Measure 7: Hot spot identification and treatment

Hot spots are high-risk locations where injury risk should be addressed as a matter of priority. Data reveals the accumulation of injuries and crashes caused by recurring factors such as road layout, road surface condition or vehicle manoeuvres. Mapping of hot spots can be identified using various tools and techniques as a proactive manner to prevent causalities before they happen.

A hot spot identification project was developed in Washington State with the city’s network of 360degree. High-definition traffic cameras have been installed at 40 intersections and video feeds were analyzed to collect data on traffic volumes, road user speeds, and near-crash traffic conflict indicators. The project was based on video monitoring, video analytics to diagnose specific issues in particular sites, select, implement improvements, and evaluate outcomes.

Measure 8: Improving road surfaces

Road surface is an important part of the street design that needs regular maintenance for durability in difficult weather environments. The regular maintenance of road surface is essential to the safety of all road users and extends the lifetime of pavements and should include maintenance of road markings and signage.

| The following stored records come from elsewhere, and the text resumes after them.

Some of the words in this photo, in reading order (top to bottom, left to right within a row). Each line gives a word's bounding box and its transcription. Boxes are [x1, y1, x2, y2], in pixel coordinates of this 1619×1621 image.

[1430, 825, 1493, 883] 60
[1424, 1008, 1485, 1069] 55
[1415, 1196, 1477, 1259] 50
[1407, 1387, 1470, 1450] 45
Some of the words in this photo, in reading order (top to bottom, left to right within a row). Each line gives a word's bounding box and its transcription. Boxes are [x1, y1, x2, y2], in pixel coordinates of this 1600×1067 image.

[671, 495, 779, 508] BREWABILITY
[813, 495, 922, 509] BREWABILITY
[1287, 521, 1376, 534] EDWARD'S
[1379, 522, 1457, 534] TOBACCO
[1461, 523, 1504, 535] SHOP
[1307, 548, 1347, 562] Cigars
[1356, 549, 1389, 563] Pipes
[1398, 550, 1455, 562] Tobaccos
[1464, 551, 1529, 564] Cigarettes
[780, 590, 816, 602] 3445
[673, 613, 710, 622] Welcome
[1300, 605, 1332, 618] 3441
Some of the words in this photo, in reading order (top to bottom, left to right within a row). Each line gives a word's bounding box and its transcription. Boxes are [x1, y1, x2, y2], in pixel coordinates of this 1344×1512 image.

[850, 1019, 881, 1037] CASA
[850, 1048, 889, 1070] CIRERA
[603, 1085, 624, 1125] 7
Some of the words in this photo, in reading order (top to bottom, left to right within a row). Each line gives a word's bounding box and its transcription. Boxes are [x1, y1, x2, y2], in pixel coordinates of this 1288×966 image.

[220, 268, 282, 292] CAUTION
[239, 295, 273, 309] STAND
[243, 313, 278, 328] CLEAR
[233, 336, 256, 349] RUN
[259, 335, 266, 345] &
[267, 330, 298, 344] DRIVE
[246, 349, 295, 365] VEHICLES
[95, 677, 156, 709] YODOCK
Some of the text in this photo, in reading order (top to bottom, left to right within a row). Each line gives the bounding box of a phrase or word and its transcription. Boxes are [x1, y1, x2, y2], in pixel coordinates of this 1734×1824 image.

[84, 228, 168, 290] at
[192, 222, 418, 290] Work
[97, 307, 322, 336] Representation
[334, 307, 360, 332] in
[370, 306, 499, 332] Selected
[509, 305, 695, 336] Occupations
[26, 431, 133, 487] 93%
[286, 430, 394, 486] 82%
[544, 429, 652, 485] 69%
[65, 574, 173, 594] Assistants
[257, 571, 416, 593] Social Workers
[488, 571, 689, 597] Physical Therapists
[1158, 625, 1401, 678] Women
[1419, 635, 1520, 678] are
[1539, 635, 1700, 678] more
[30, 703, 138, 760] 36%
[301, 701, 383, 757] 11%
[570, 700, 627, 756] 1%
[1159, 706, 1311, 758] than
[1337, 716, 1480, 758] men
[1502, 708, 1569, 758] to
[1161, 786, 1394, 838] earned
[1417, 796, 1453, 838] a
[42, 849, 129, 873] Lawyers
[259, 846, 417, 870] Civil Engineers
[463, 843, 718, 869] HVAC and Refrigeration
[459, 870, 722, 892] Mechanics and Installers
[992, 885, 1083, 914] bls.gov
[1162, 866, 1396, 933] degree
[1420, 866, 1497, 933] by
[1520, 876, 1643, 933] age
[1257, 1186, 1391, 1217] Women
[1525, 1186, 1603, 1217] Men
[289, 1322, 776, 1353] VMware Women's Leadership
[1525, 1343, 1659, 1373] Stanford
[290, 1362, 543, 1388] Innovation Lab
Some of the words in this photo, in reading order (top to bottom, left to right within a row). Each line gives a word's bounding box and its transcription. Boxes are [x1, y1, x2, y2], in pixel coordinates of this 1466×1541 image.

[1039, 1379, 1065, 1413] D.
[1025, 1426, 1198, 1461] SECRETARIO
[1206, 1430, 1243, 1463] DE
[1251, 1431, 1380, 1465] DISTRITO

Dublin city has witnessed improvements in the road surface for cyclists. The improvements started with collecting data on speed, dwell time, collisions and near-miss events. The collected data allowed planners and engineers to improve the infrastructure that was found challenging to cyclists. The information gathered was also used to plan the development of Dublin’s most recent cycle infrastructure improvements.  

Measure 9: Traffic signaling and intelligent transport systems

Technology plays an important role in increasing road safety through the innovative solutions of traffic signaling, traffic surveillance and control systems. For instance, timing and configuration of traffic lights are important for pedestrians’ safety. There is also vehicle-to-vehicle communication and vehicle-to-infrastructure that are important for emergency braking warning, distance sensing, improper driving detection and other systems. An Intelligent Speed Assistance was introduced in the EU from 2022 to regulate speeds and reduce the exposure of road users to crash kills. Studies show that improved traffic signal timing reduces the risk of pedestrian-vehicle crashes by 60%. Traffic signal installation at uncontrolled junctions can also reduce collisions by 29%.

In New York City, left turns account for more than twice as many pedestrian and cyclist fatalities as right turns, and over three times as many serious injuries and fatalities. The city has prioritized the treatment of left-turn pedestrian and cyclist injuries installing over Leading Pedestrian Intervals (LPIs) at priority intersections. A decline by 14% and 56% was found in left-turn pedestrian and cyclist injuries, kills and serious injuries respectively.